I'm in the middle of building the man-cave, but here's what I have so far...










Lowes curtains frame it - they are actually navy blue in color 










My ghetto projector home - shelf for it will be put up and the rest of the AV will go in the closet










And yes, that's a white DVD burner in my Qpack - I am duly ashamed!

Now I'm going to paint!


----------



## salvasol (Oct 31, 2006)

Nice !!!!

WHat plans do you have to cover that window??? :dontknow:


----------



## ragingsamster (May 1, 2008)

Thanks!

The window/light control issue is tackled in progressively restrictive steps. I have blinds in the window and the dark navy curtains, but when that is not enough I made a "plug",(visible in the top most picture.) 
The plug is made from a piece of foil backed foam board - the backing they put on before they hang siding on houses. The foam is easily cut to size and light.Installation and removal are quick and easy and when not in use, is hidden by the curtains. 
As we are approaching summer, I wanted to keep the option of an open window as electronics do add quite a bit to the heat load in the room.


----------



## salvasol (Oct 31, 2006)

ragingsamster said:


> ... when that is not enough I made a "plug",(visible in the top most picture.) The plug is made from a piece of foil backed foam board - the backing they put on before they hang siding on houses. The foam is easily cut to size and light.Installation and removal are quick and easy and when not in use, is hidden by the curtains...
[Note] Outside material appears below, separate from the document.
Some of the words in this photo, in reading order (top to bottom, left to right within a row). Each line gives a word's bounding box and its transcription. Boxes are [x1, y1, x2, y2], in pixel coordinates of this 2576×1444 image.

Is that the one that reads "Green ...something???" ... I tought it was part of the wall that wasn't finished :duh:



> ... As we are approaching summer, I wanted to keep the option of an open window as electronics do add quite a bit to the heat load in the room.
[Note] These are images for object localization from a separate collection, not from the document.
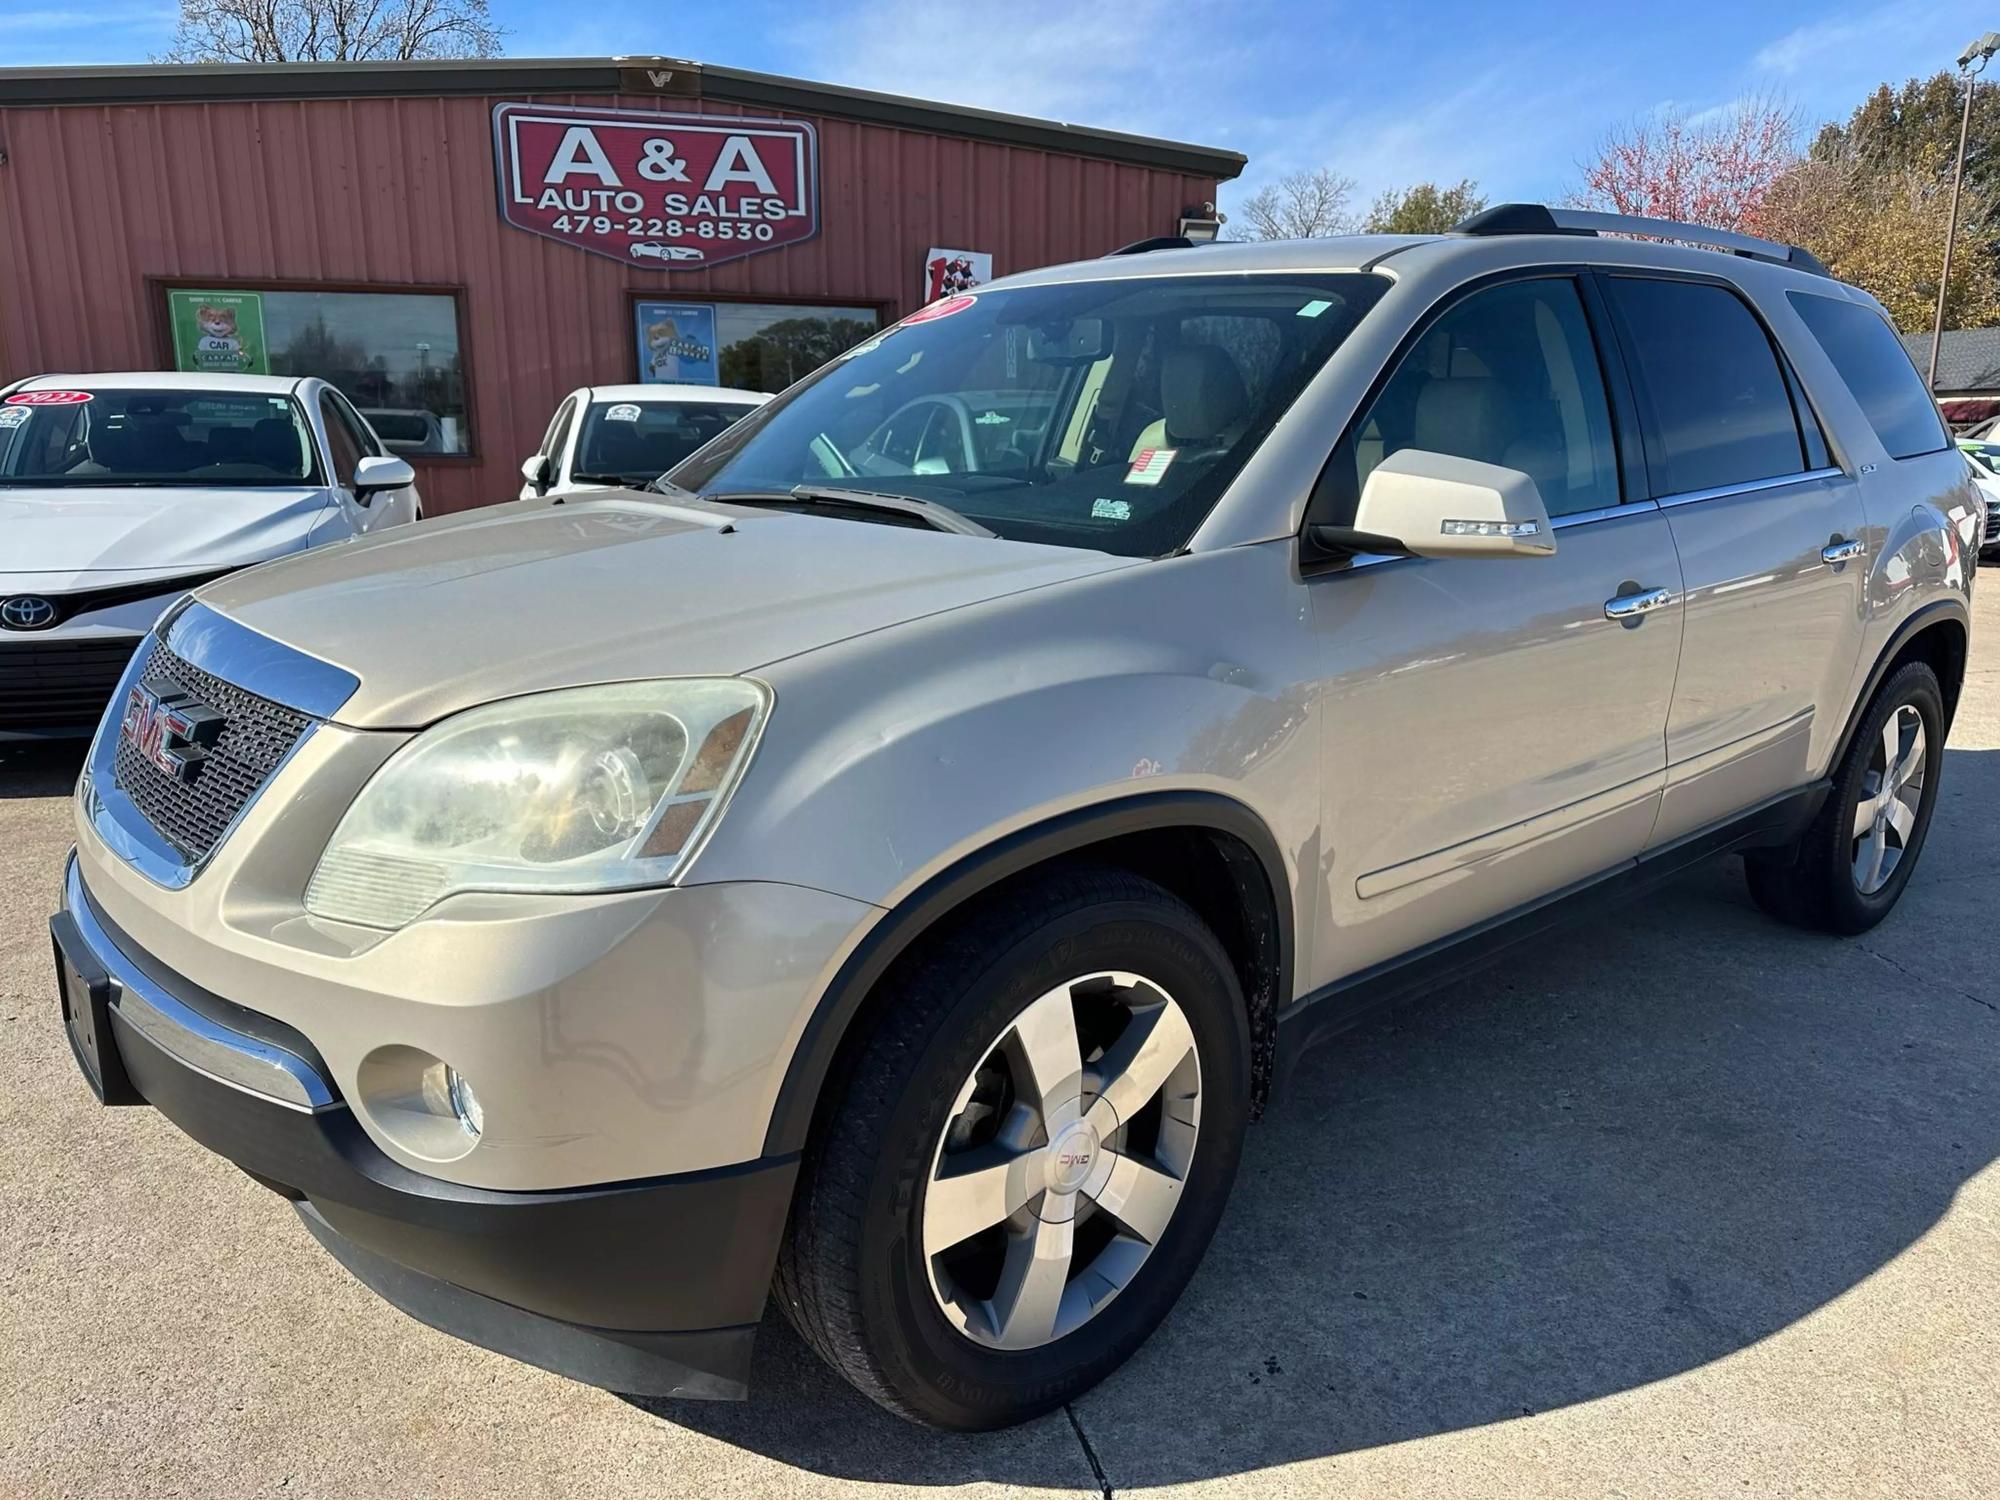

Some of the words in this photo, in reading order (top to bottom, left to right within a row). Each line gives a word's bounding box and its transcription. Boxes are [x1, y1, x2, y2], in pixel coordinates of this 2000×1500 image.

[544, 126, 624, 187] A
[637, 138, 693, 183] &
[704, 136, 779, 195] A
[537, 188, 644, 214] AUTO
[665, 194, 788, 220] SALES
[552, 215, 774, 241] 479-228-8530
[209, 340, 229, 350] CAR
[121, 684, 197, 780] GMC
[1060, 1154, 1090, 1167] GMC
Tell me about it ... my room gets really hot after I close the door; my window is covered with a sliding door/panel (if I leave it open, it reflects on the TV). I added a double side vent above the door ... but is not enough. I will start a thread to ask for solutions; but I need to take pictures and a diagram to explain what I have now) :bigsmile:


----------



## ragingsamster (May 1, 2008)

Yah, I begged a piece of of a contractor friend of mine. It ain't pretty, but if no one sees it it's all good!

I've found that when direct sunlight is not an issue, (i.e. in the evening after say 7:00pm, when you are on the east side of the house) you may be able to get away with just curtains without much image degradation. Running a computer with a mid-class graphics card for DVD watching and gaming along with a projector adds a lot of heat to a room. When I relocate all the boxes beside the projector to the room's closet I will be putting in two vents from the closet to a hallway it borders - one at top, one at the bottom 










This should remove a lot of heat load from the room. I also have a ceiling fan, which in this case is counter-productive as it just moves the hot air around.


----------